# IWC Pilot Chronograph: overpriced Tag?



## Kronos13

Im considering buying a IWC Pilot Chronograph in addition to a nicer dress/sports dress watch I will be making this year. I am very conflicted on the Pilot though, as it seems like the 'Tag' Calibre 16 movement is very generic (and I am concerned about not being able to set the time between 10 and 2). That being said, I do like the look, particularly the newer models. 

However, if the Pilot isnt worth getting, I would be more than willing to wait a while to get the Big Pilot Heritage. What are your thoughts?


----------



## TechGuyJ

...where did I put that popcorn  maker...

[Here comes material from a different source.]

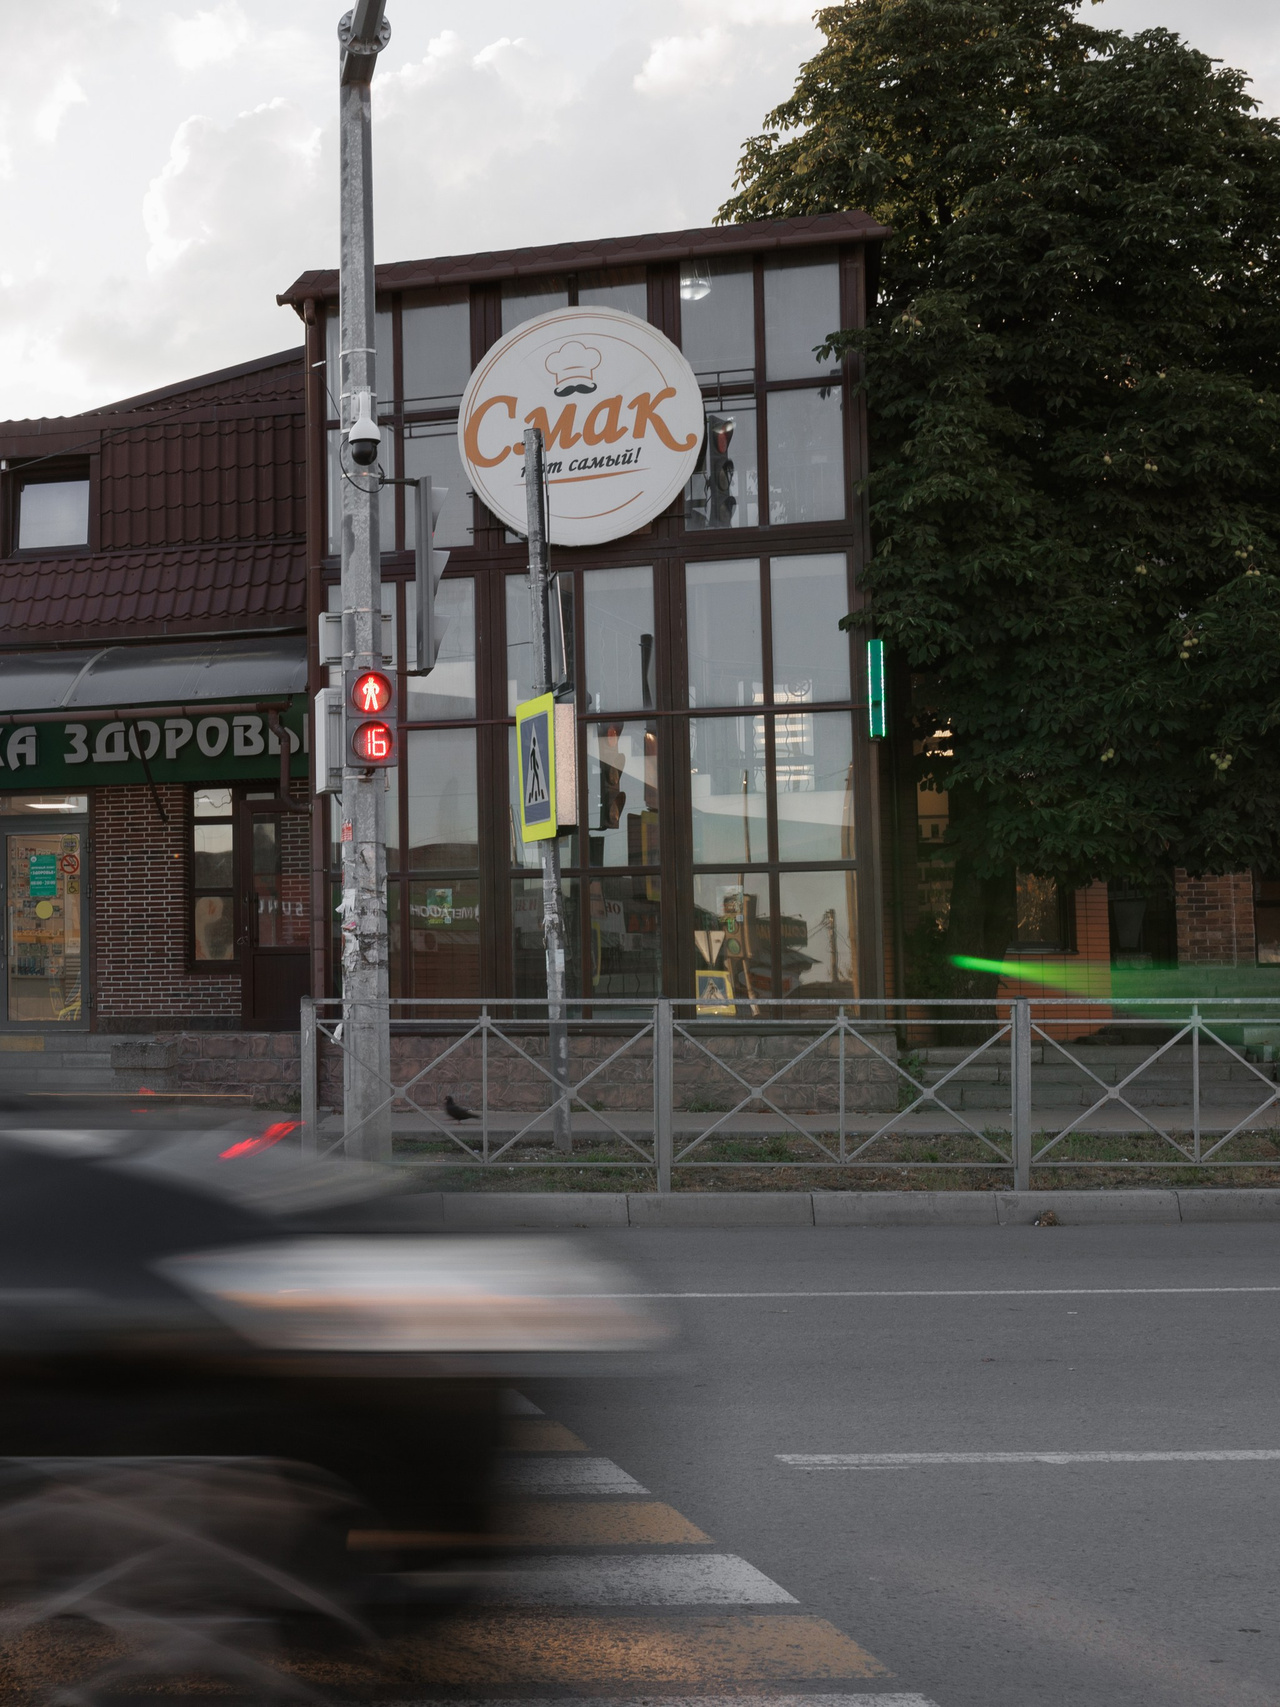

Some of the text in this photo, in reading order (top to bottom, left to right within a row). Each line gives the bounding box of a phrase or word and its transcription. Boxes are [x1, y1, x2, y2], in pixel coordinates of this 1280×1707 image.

[463, 387, 698, 468] Смак
[568, 447, 642, 474] самый!
[63, 713, 309, 764] ЗДОРОВЬ
[367, 728, 386, 756] 16

Sent from my iPhone using Tapatalk


----------



## TechGuyJ

Ok, ok, on a more serious note...

The Tag calibre 16 and the IWC calibre A79320 are both the ETA 7750. The 7750 is an extremely robust movement and is used by a whole LOT of manufacturers, including:

Hamilton (extensively)
Longines
Tissot
Montblanc
Baum et Mercier
Sinn
Chopard
and IWC

Here is a good review of the movement itself: https://gearpatrol.com/2012/01/05/timekeeping-icon-volume-2-the-valjoux-7750-chronograph/

I used to get hung up on in-house movements in all of my nicer watches, but what I've (recently) come to realize is that companies don't want to reinvent the wheel. If there is a very good movement to use, they will use that. Now, IWC (from my understanding), receives the movement in pieces not as a completed movement. They finish it and assemble it in-house. This does not make it an in-house movement, it just makes it to IWC's standards.

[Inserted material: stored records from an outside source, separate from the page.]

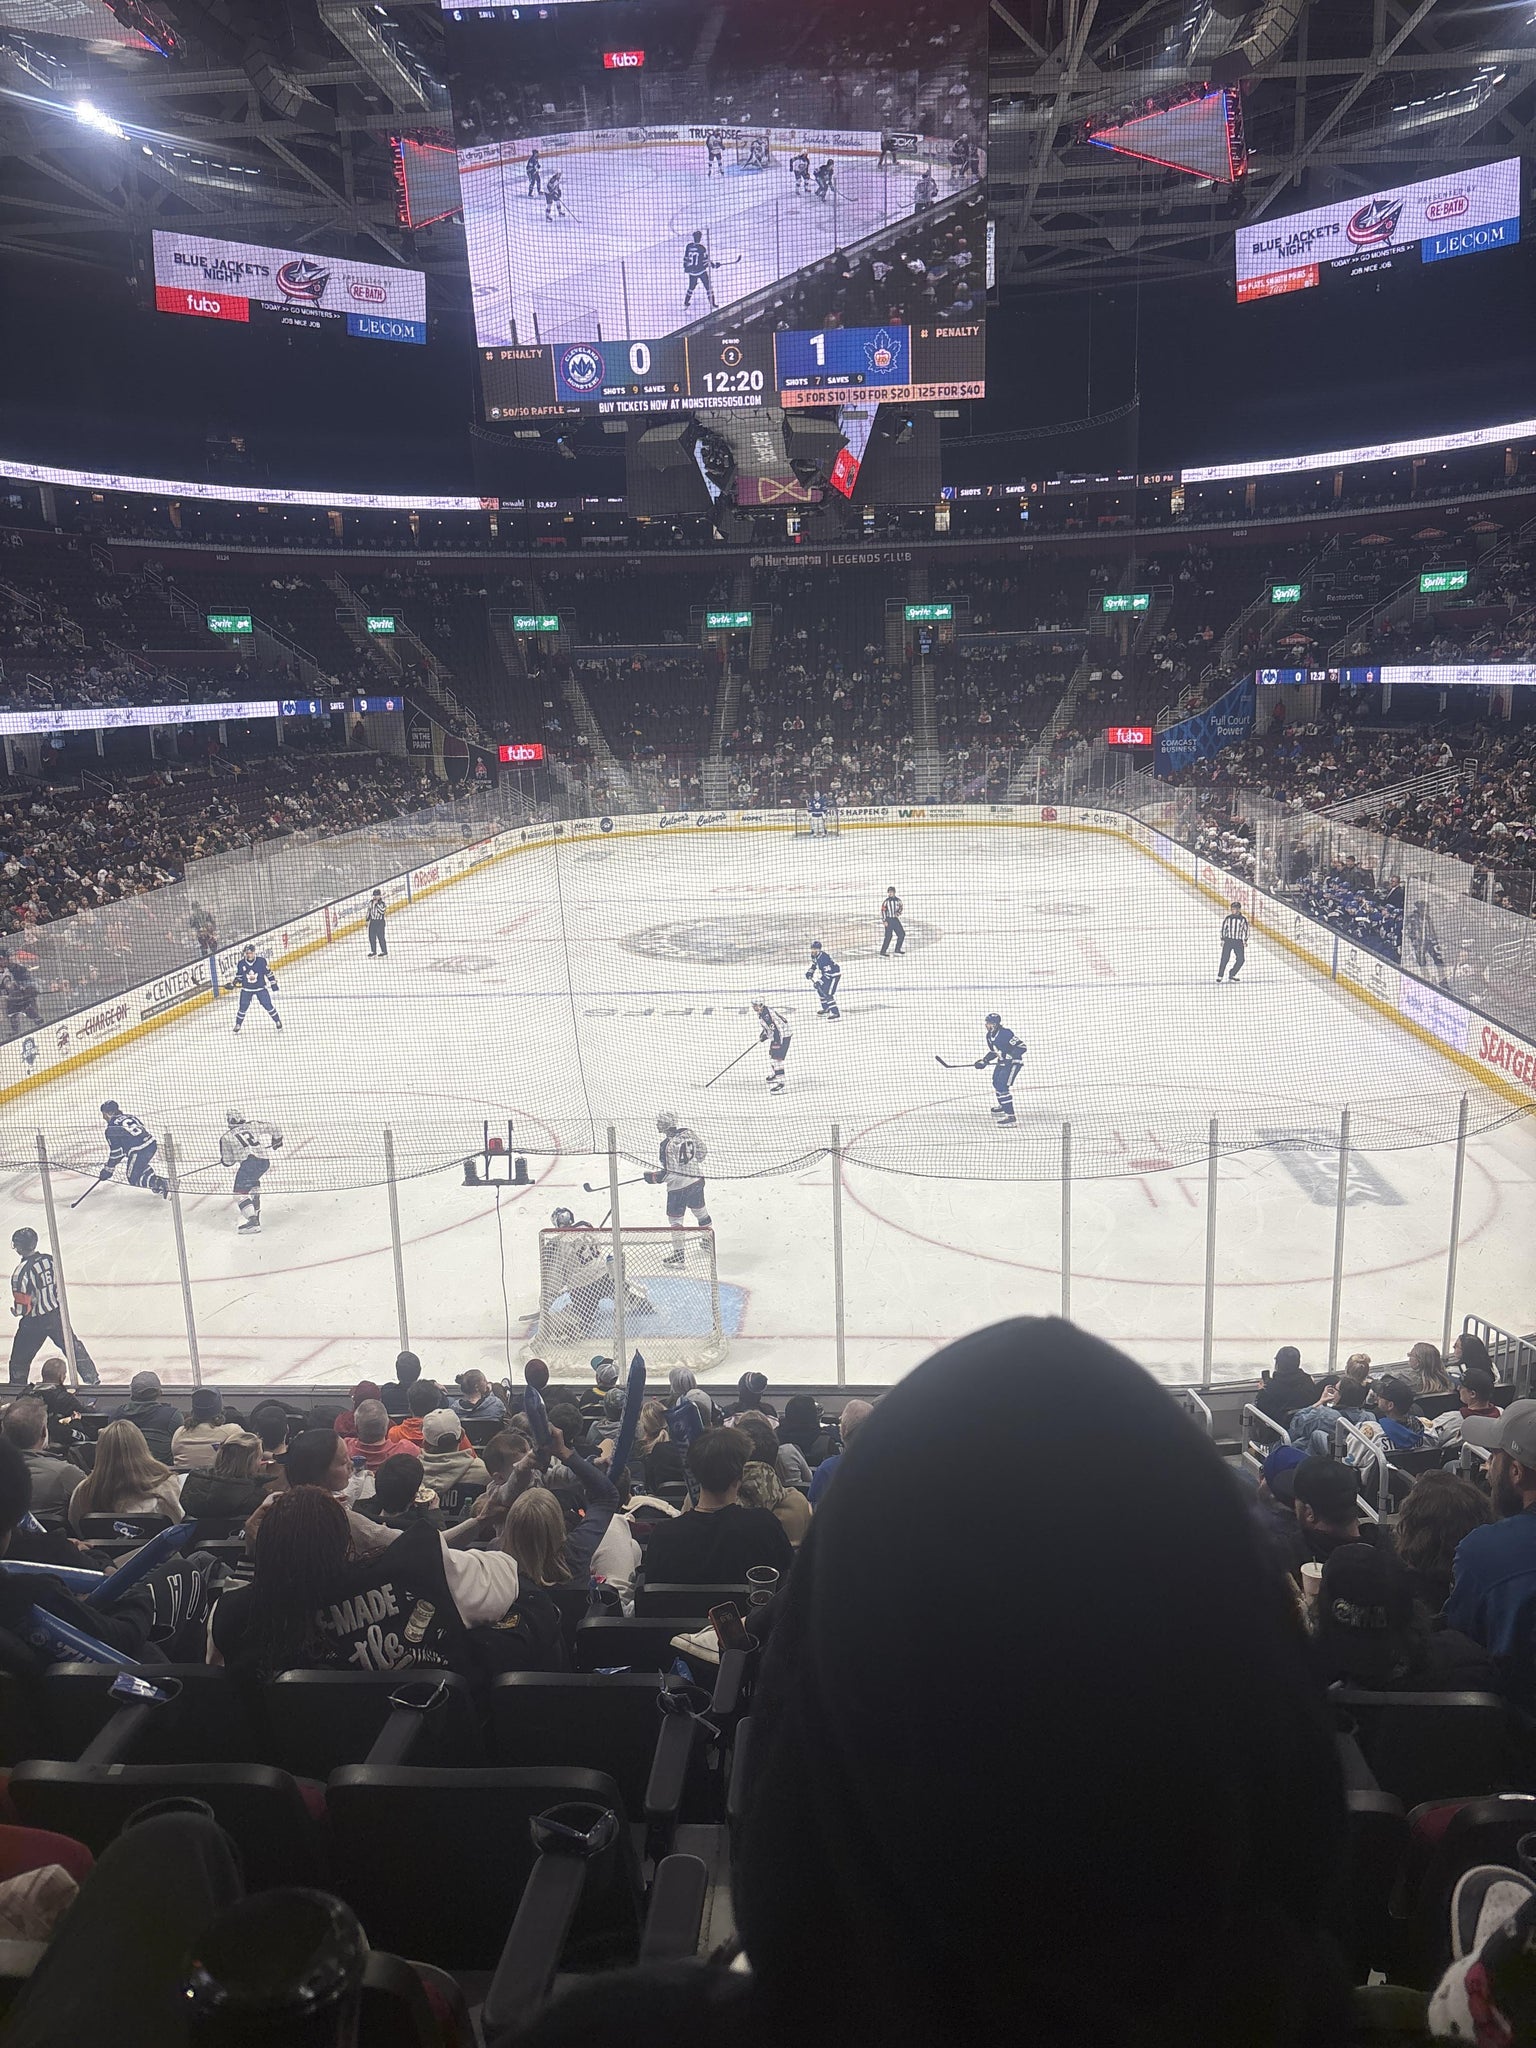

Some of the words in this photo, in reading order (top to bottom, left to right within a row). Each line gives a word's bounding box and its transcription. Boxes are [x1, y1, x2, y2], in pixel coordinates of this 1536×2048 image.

[612, 54, 638, 66] fubo
[1252, 238, 1282, 255] BLUE
[1286, 223, 1340, 246] JACKETS
[1278, 241, 1313, 259] NIGHT
[1370, 245, 1406, 259] MONSTERS
[173, 253, 208, 268] BLUE
[211, 258, 270, 277] JACKETS
[203, 268, 241, 283] NIGHT
[187, 294, 220, 313] fubo
[935, 326, 980, 338] PENALTY
[500, 349, 543, 360] PENALTY
[809, 333, 825, 366] 1
[629, 342, 651, 375] 0
[728, 352, 735, 361] 2
[702, 369, 764, 393] 12:20
[785, 377, 809, 386] SHOTS
[815, 376, 821, 385] 7
[827, 376, 850, 385] SAVES
[856, 374, 863, 383] 9
[602, 387, 626, 396] SHOTS
[632, 386, 639, 395] 9
[643, 385, 666, 394] SAVES
[673, 384, 680, 393] 6
[797, 393, 804, 403] 5
[806, 392, 826, 403] FOR
[827, 391, 846, 402] $10
[852, 390, 866, 401] 50
[868, 389, 888, 400] FOR
[890, 387, 911, 399] $20
[918, 385, 936, 397] 125
[937, 384, 958, 396] FOR
[959, 383, 981, 396] $40
[502, 407, 530, 417] 50/50
[531, 406, 565, 416] RAFFLE
[598, 402, 615, 413] BUY
[616, 400, 649, 412] TICKETS
[650, 399, 668, 411] NOW
[670, 398, 680, 410] AT
[986, 486, 993, 496] 7
[1030, 483, 1038, 493] 9
[1143, 475, 1161, 485] 8:10
[832, 552, 881, 565] LEGENDS
[1422, 576, 1447, 589] Sprite
[1272, 588, 1299, 601] Sprite
[209, 618, 233, 630] Sprite
[368, 618, 394, 631] Sprite
[1295, 672, 1302, 682] 0
[1346, 670, 1351, 681] 1
[309, 701, 316, 713] 6
[360, 700, 368, 711] 9
[1210, 715, 1226, 726] Full
[1227, 714, 1250, 726] Court
[1217, 726, 1244, 737] Power
[1161, 738, 1197, 747] COMCAST
[507, 746, 535, 761] fubo
[1161, 746, 1197, 754] BUSINESS
[1093, 813, 1118, 827] CLIFFS
[152, 970, 189, 1002] CENTER
[40, 1270, 53, 1288] 16

Here is an article published a few years back on this very topic and posted here on WUS: https://www.watchuseek.com/f350/popular-question-answered-eta-valjoux-7750-calibre-79320-a-506075.html

I have been researching this a lot lately myself (I have my eye on the new Spitfire chrono). So, don't get hung up on the movement too much (as long as its a good one!), get the watch you like and will enjoy wearing. Hope that helps!

Jason


----------



## slashd0t

TechGuyJ said:


> Now, IWC (from my understanding), receives the movement in pieces not as a completed movement. They finish it and assemble it in-house. This does not make it an in-house movement, it just makes it to IWC's standards.


They haven't done that for years... The movement comes fully assembled with incorporated IWC changes (that all top grade ETA's get, not just IWC)..


----------



## Gunnar_917

IWC watches in general are overpriced in my books. They're nice watches but also expensive. 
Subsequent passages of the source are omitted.